2:45 p.m. – SARS-CoV-2: a seroprevalence point in France
Public Health France (SPF) publishes the first results of a seroprevalence survey that it is conducting with the Institut Pasteur in Paris and the ANSES (National Health Security Agency).
SPF writes that the “proportion of people carrying anti-SARS-CoV-2 antibodies acquired after infection or vaccination, increased very sharply in week 23-2021 (June 07-13), reaching 52.4% against 13.7% during the week 06-2021 (08-14 February)“. And to continue:”The increase in seroprevalence observed for all age groups was greater in adults and markedly more marked in those aged 60 and over. “. The agency concludes “these results will soon be refined by new analyzes but already suggest a significant gain in immunity in the French population, in connection with vaccination, with seroprevalences much higher than those observed during previous epidemic waves. Seroprevalence is in fact highest in the age groups initially targeted by vaccination campaigns, and lower in young people to whom vaccination was offered later, at the end of May (from 18 years old) and mid-June ( from 12 years old)“.

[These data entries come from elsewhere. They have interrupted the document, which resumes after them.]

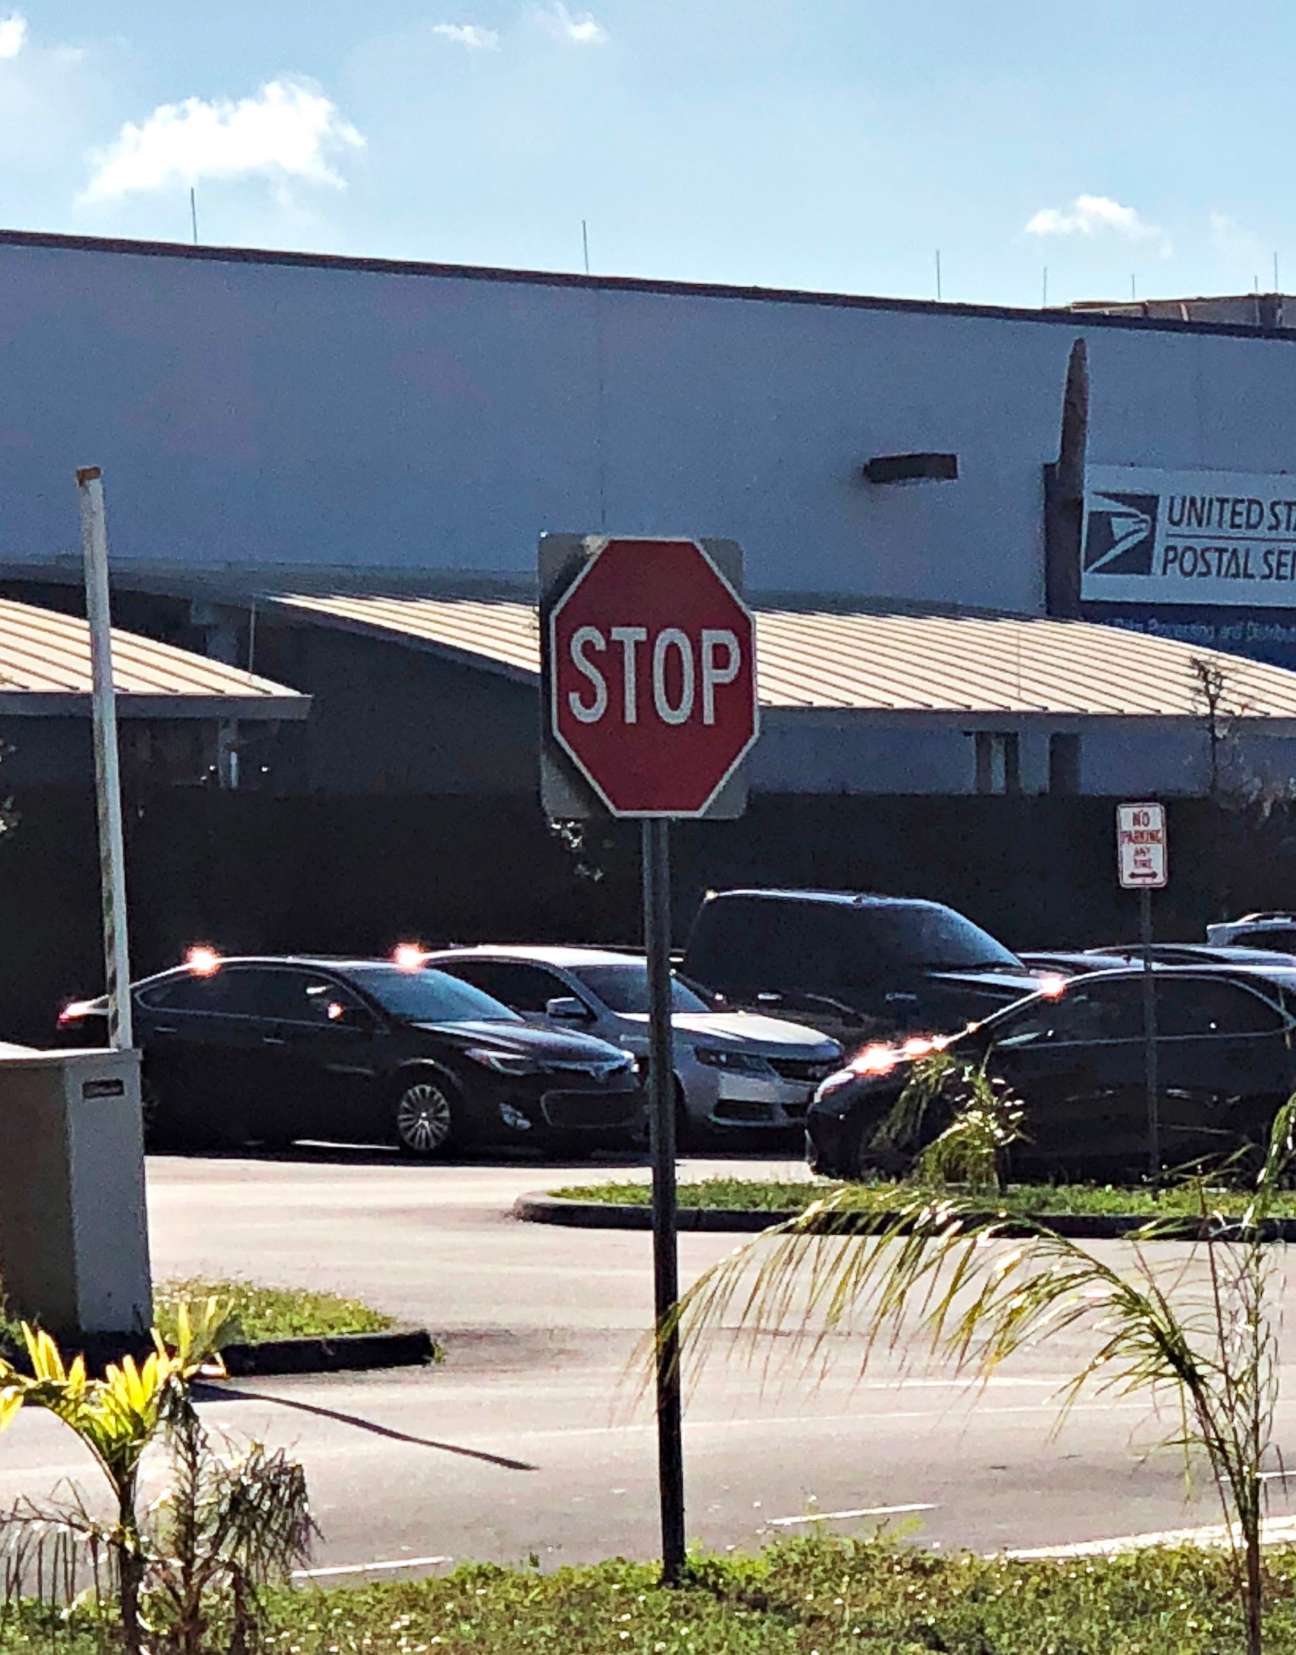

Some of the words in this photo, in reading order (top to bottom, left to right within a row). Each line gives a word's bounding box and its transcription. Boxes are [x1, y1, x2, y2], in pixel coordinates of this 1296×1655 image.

[1166, 495, 1265, 530] UNITED
[1161, 545, 1255, 580] POSTAL
[1219, 622, 1242, 641] and
[568, 625, 741, 726] STOP
[1132, 811, 1150, 827] NO

Prevalence of anti-SARS-CoV-2 antibodies by age group, France *
* excluding Mayotte for insufficient number of samples ** provisional estimates adjusted for a single measurement point
2 p.m. – Third dose: very reserved experts
In The Lancet, experts from different countries, including some members of the WHO (World Health Organization) and the FDA (Food and drug administration) write: “While the idea of further reducing the number of COVID-19 cases by boosting the immunity of those vaccinated is appealing, any such decision must be evidence-based and consider the benefits and risks to individuals and the society. “. They continue”Careful and public scrutiny of evolving data will be needed to ensure decisions about boosting are based on sound science rather than political considerations. Even if the booster turns out to decrease the risk of severe illness in the medium term, current vaccine stocks could save more lives if used in previously unvaccinated populations than if used as a booster in the past. of vaccinated populations“.
Considerations in boosting COVID-19 vaccine immune
1 p.m. – A genetically modified DNA vaccine in India
India has authorized the world’s first genetically modified DNA vaccine: ZyCoV-D. It is 66% effective in protecting against severe forms of Covid-19.
12 p.m. – Canberra lockdown extended by one month
The sanction fell for the inhabitants of Canberra. The inhabitants of the Australian megalopolis will have to remain confined until mid-October. They have already been confined for a month, in a context of limited dissemination of the Delta variant.
11 a.m. – IMF grants $ 567 million to Tanzania
The International Monetary Fund grants Tanzania a loan of 567 million dollars (478 million euros) to finance the “urgent” needs of its economy hard hit by the effects of the coronavirus pandemic.
10 a.m. – Less than 10,000 people hospitalized for Covid in France
– 6,907,133 SARS-CoV-2 infections have been identified since March 1, 2020 (67,639 in one week, 2,062 in the last 24 hours),
– 115,603 deaths (596 in one week, 86 yesterday),
– 9,986 people hospitalized for Covid (+ 773 in one week)
– 2,103 people hospitalized in intensive care for Covid (+ 146 in one week).
9 a.m. – Update on the world
According to the latest available data, 225,359,152 infections (17,319,973 in the last four weeks) by SARS-CoV-2 have been identified worldwide and 4,641,746 deaths (267,809 in the last four weeks) associated with Covid have been reported since the start of the pandemic. In the past four weeks, the three countries that have identified the most cases are the United States (4,317,653 cases), India (1,038,900 cases) and the United Kingdom (964,653 cases). The three countries that have had the highest number of deaths from Covid in absolute terms in the past four weeks are the United States (39,380 deaths), Russia (21,647 deaths), Indonesia (20,332 deaths).